=== Section Start ===

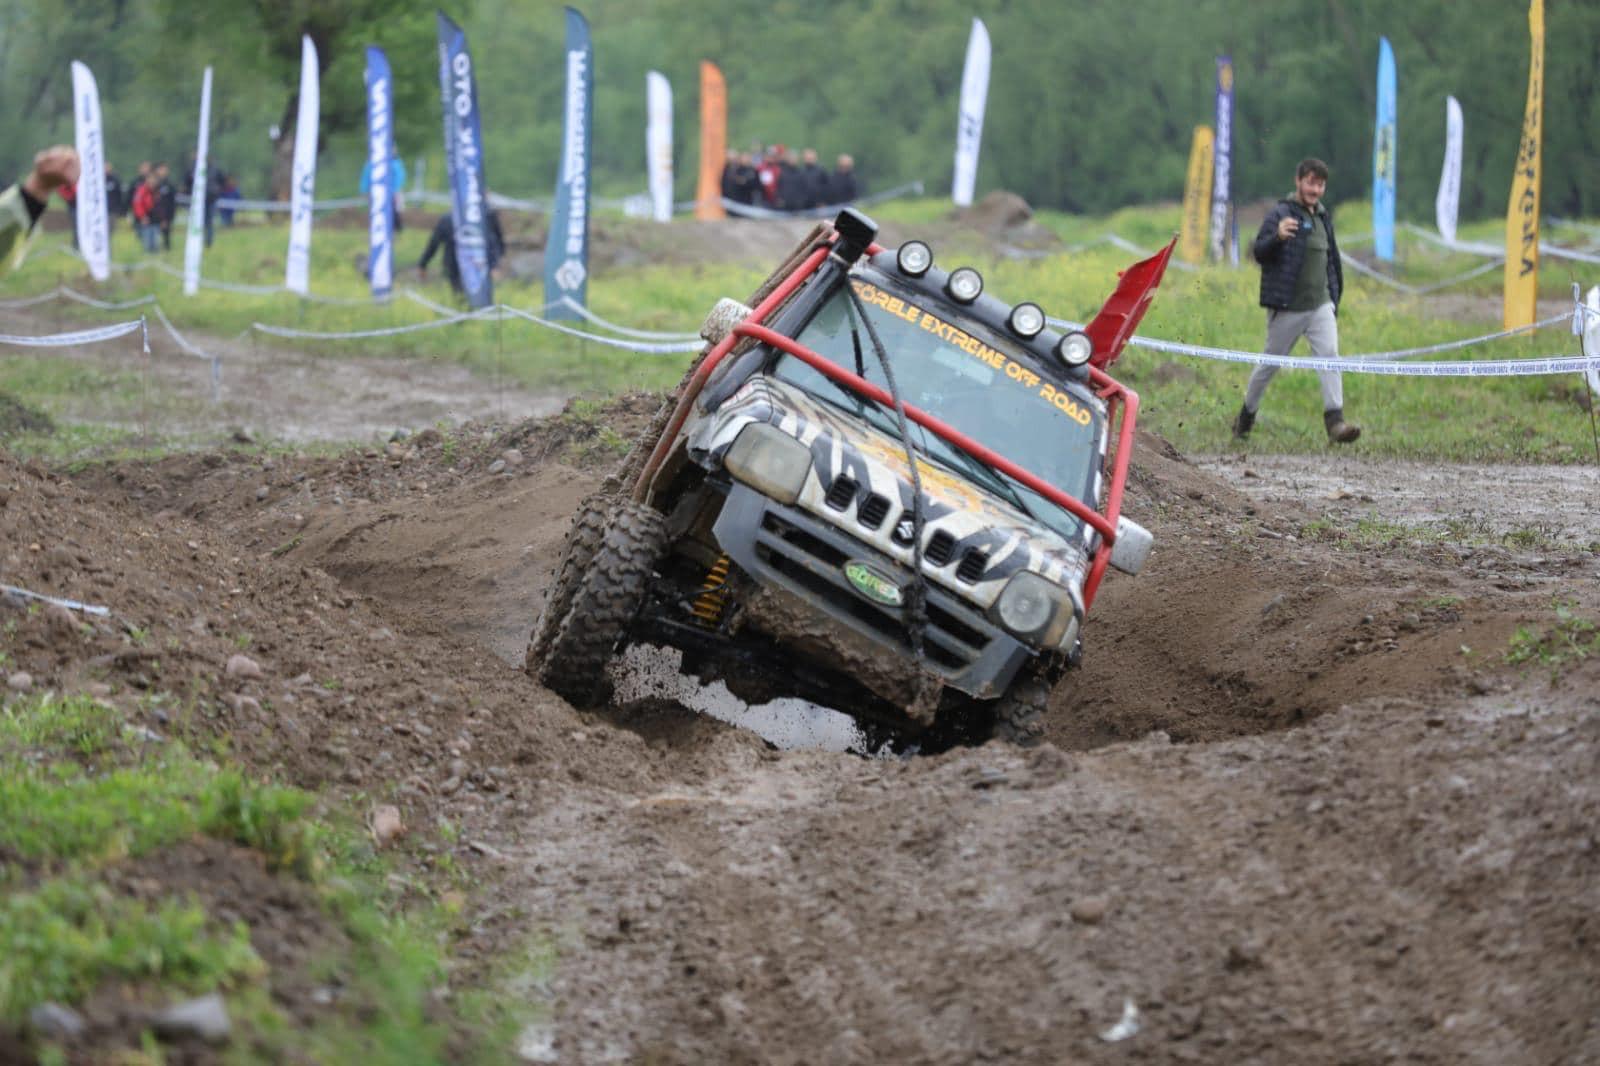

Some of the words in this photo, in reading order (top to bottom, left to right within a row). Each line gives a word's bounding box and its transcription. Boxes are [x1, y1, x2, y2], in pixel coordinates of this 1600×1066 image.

[452, 53, 472, 117] OTO
[919, 313, 1007, 370] EXTREME
[1005, 361, 1041, 388] OFF
[1038, 383, 1092, 426] ROAD
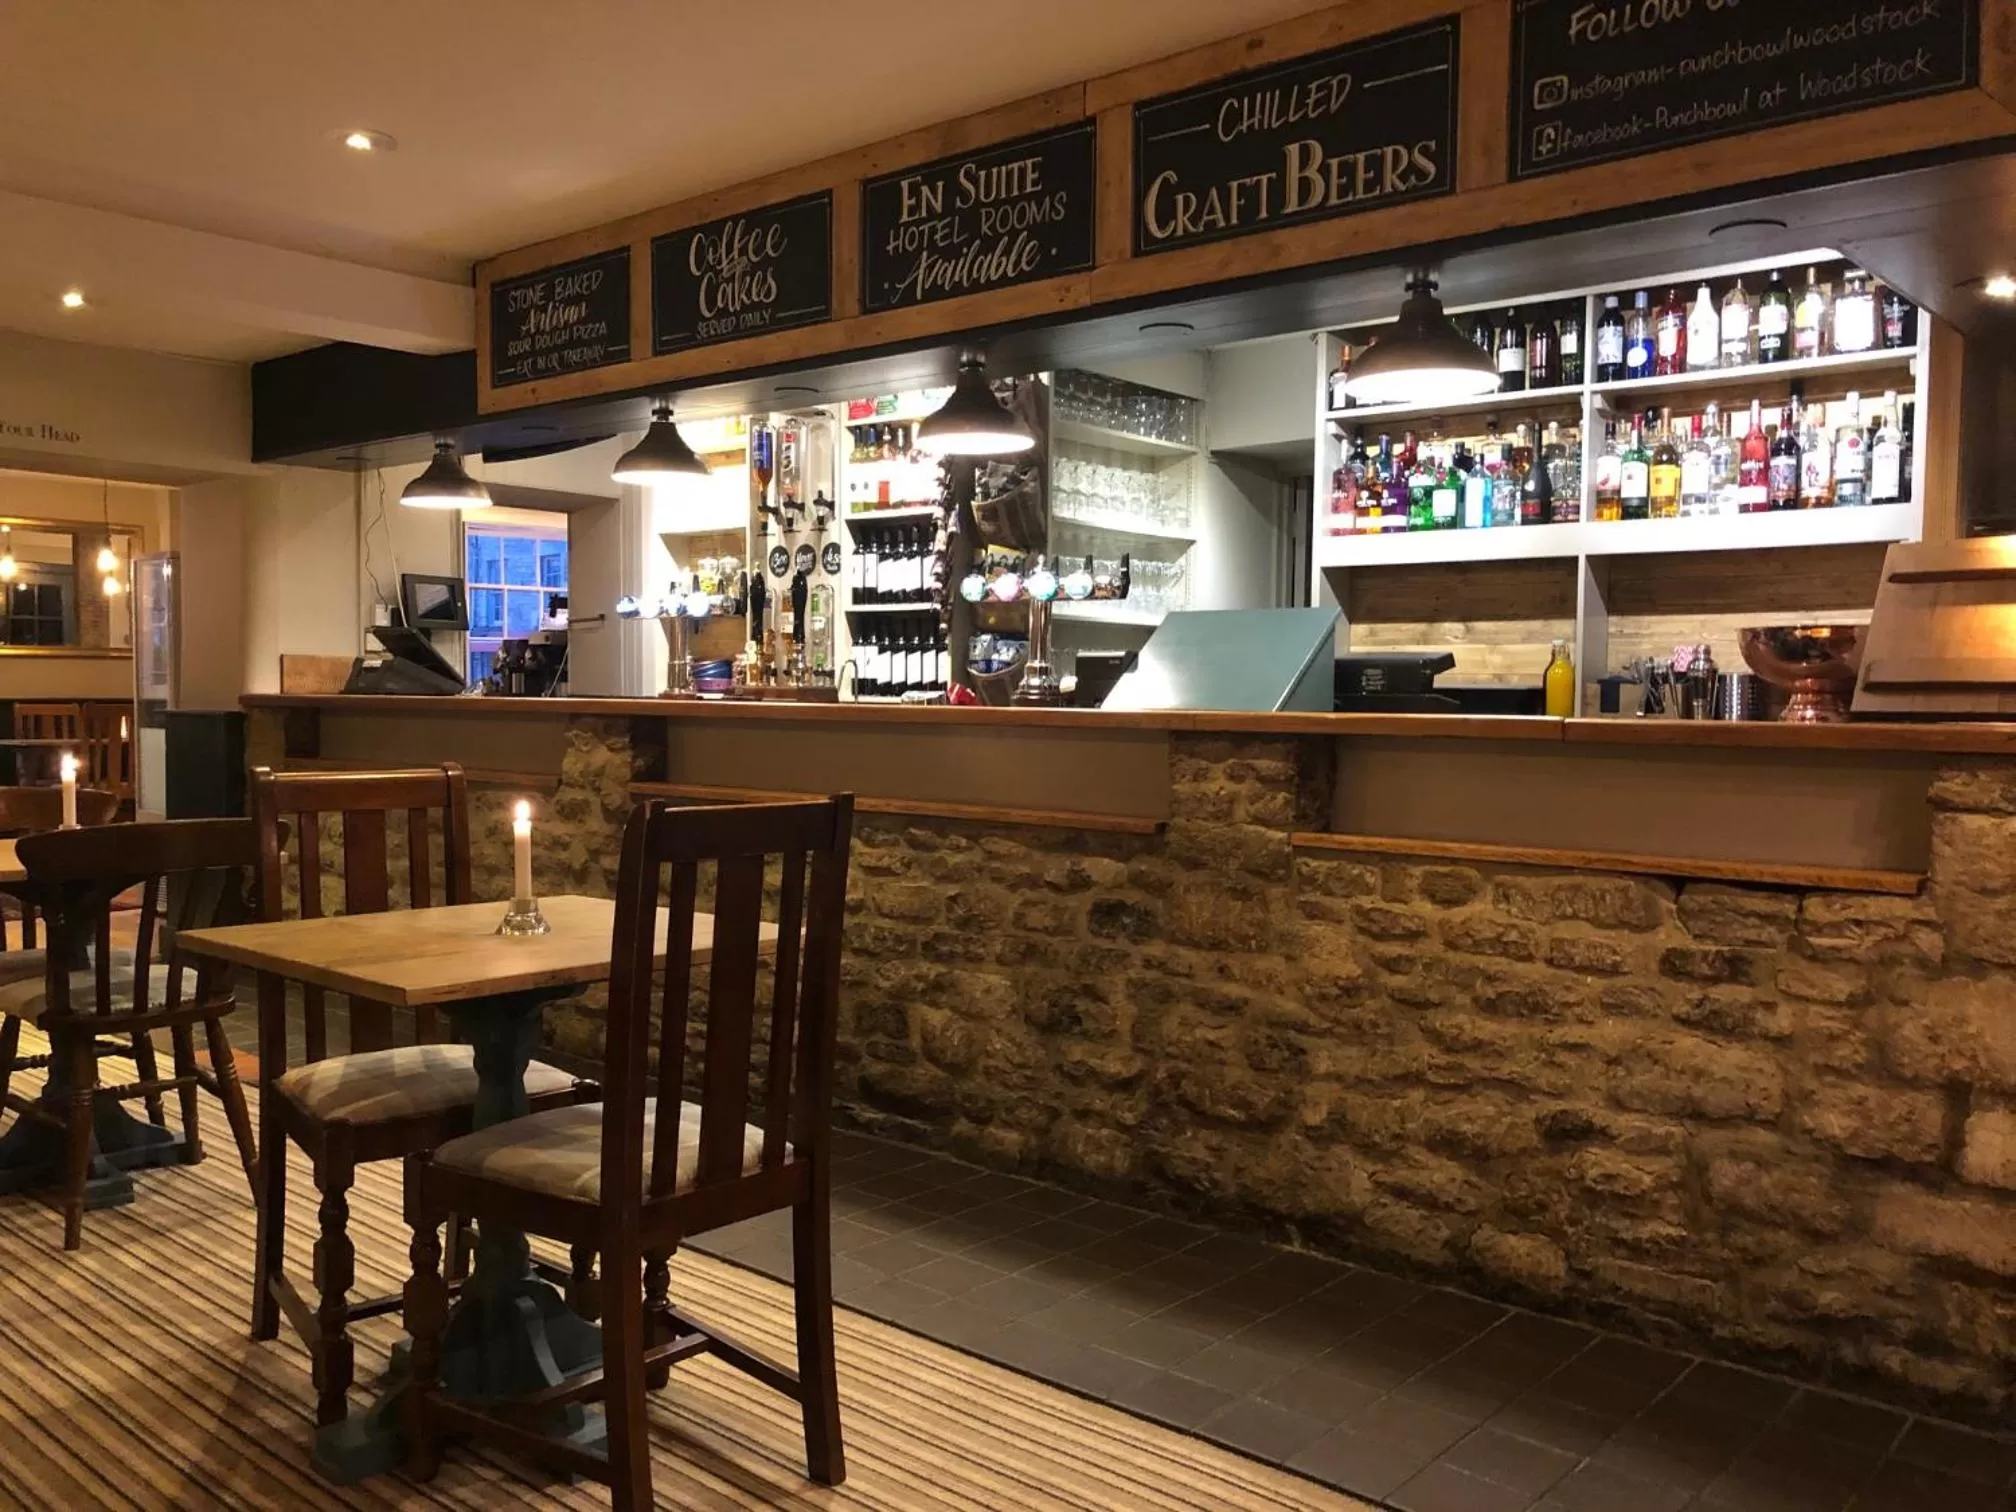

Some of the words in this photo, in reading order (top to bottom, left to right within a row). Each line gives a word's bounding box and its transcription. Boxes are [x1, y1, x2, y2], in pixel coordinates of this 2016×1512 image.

[1568, 0, 1690, 44] FOLLOW
[1217, 73, 1352, 143] CHILLED
[1759, 80, 1787, 108] at
[899, 175, 945, 223] EN
[956, 156, 1043, 209] SUITE
[1143, 170, 1277, 239] CRAFT
[1280, 139, 1438, 214] BEERS
[689, 218, 788, 277] Coffee
[886, 216, 968, 255] HOTEL
[980, 191, 1067, 237] ROOMS
[508, 282, 548, 312] STONE
[554, 269, 604, 301] BAKED
[699, 265, 778, 318] Cakes
[890, 230, 1041, 304] Available
[507, 337, 532, 356] SOUR
[535, 329, 571, 349] DOUGH
[573, 321, 607, 340] PIZZA
[697, 316, 736, 339] SERVED
[739, 308, 772, 326] DAILY
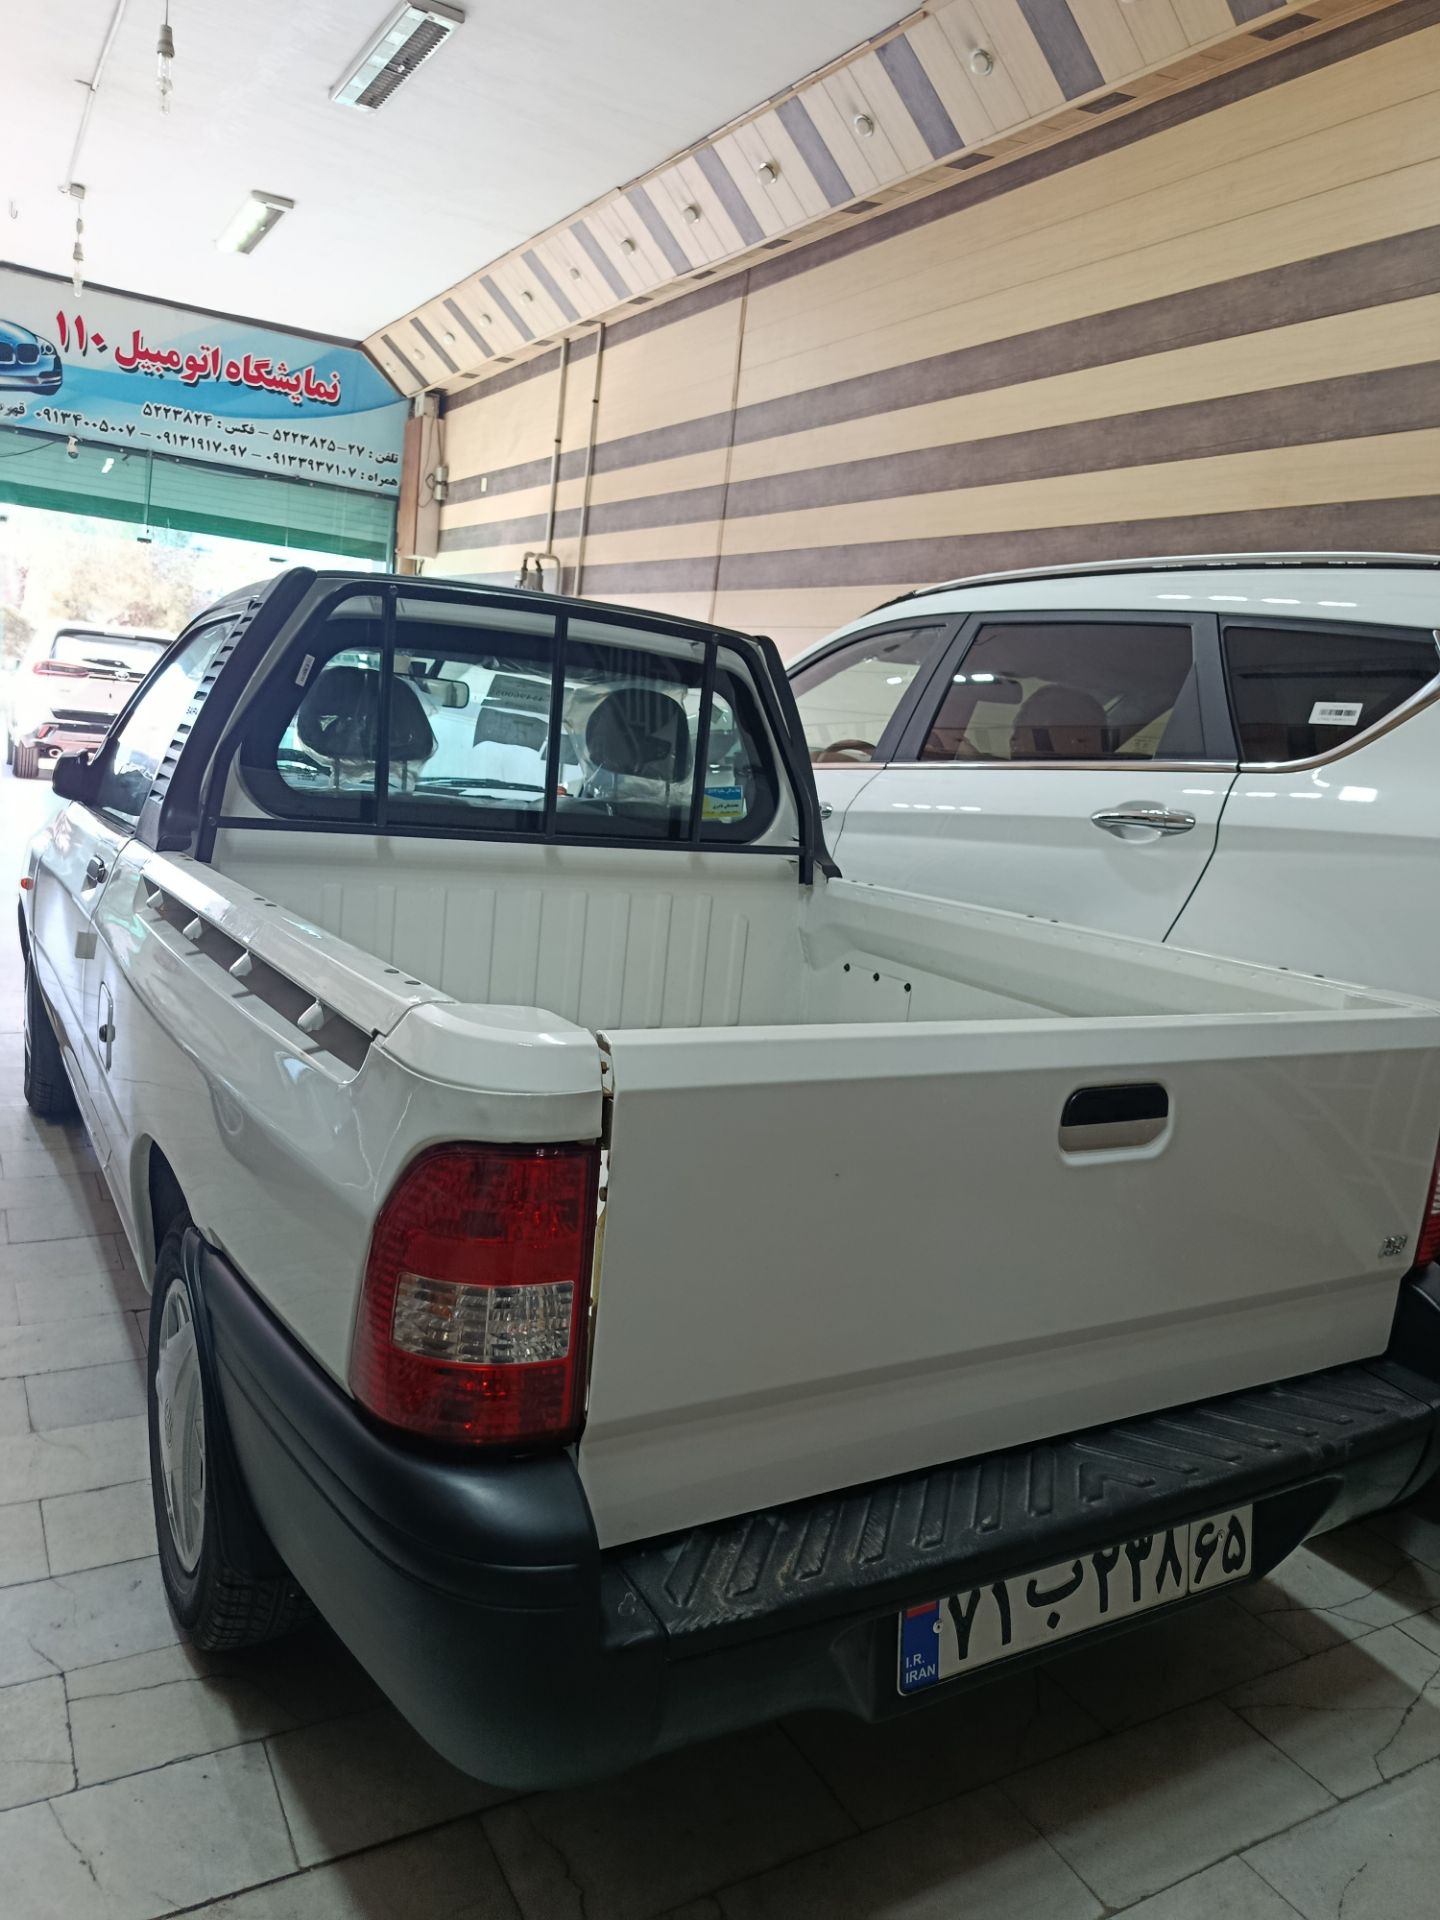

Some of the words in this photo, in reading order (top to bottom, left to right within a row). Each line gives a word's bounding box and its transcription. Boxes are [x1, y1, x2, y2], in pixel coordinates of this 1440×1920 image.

[56, 310, 105, 351] ۱۱۰
[115, 329, 221, 383] اتومبیل
[225, 354, 341, 404] نمایشگاه
[1194, 1513, 1247, 1585] ۶۵
[905, 1653, 926, 1669] I.R.
[905, 1663, 937, 1684] IRAN

=== Section End ===

• _Your instructions_
Write the entries out again exactly as they appear, with the pictures omitted.

• _Result for this task_
Some of the words in this photo, in reading order (top to bottom, left to right within a row). Each line gives a word's bounding box and its transcription. Boxes are [x1, y1, x2, y2], in pixel coordinates of this 1600×1066 image.

[452, 53, 472, 117] OTO
[919, 313, 1007, 370] EXTREME
[1005, 361, 1041, 388] OFF
[1038, 383, 1092, 426] ROAD

Some of the words in this photo, in reading order (top to bottom, left to right within a row). Each line gives a word's bounding box and its transcription. Boxes are [x1, y1, x2, y2], in pixel coordinates of this 2016×1512 image.

[1568, 0, 1690, 44] FOLLOW
[1217, 73, 1352, 143] CHILLED
[1759, 80, 1787, 108] at
[899, 175, 945, 223] EN
[956, 156, 1043, 209] SUITE
[1143, 170, 1277, 239] CRAFT
[1280, 139, 1438, 214] BEERS
[689, 218, 788, 277] Coffee
[886, 216, 968, 255] HOTEL
[980, 191, 1067, 237] ROOMS
[508, 282, 548, 312] STONE
[554, 269, 604, 301] BAKED
[699, 265, 778, 318] Cakes
[890, 230, 1041, 304] Available
[507, 337, 532, 356] SOUR
[535, 329, 571, 349] DOUGH
[573, 321, 607, 340] PIZZA
[697, 316, 736, 339] SERVED
[739, 308, 772, 326] DAILY

Some of the words in this photo, in reading order (top to bottom, left to right within a row). Each line gives a word's bounding box and its transcription. Boxes are [x1, y1, x2, y2], in pixel coordinates of this 1440×1920 image.

[56, 310, 105, 351] ۱۱۰
[115, 329, 221, 383] اتومبیل
[225, 354, 341, 404] نمایشگاه
[1194, 1513, 1247, 1585] ۶۵
[905, 1653, 926, 1669] I.R.
[905, 1663, 937, 1684] IRAN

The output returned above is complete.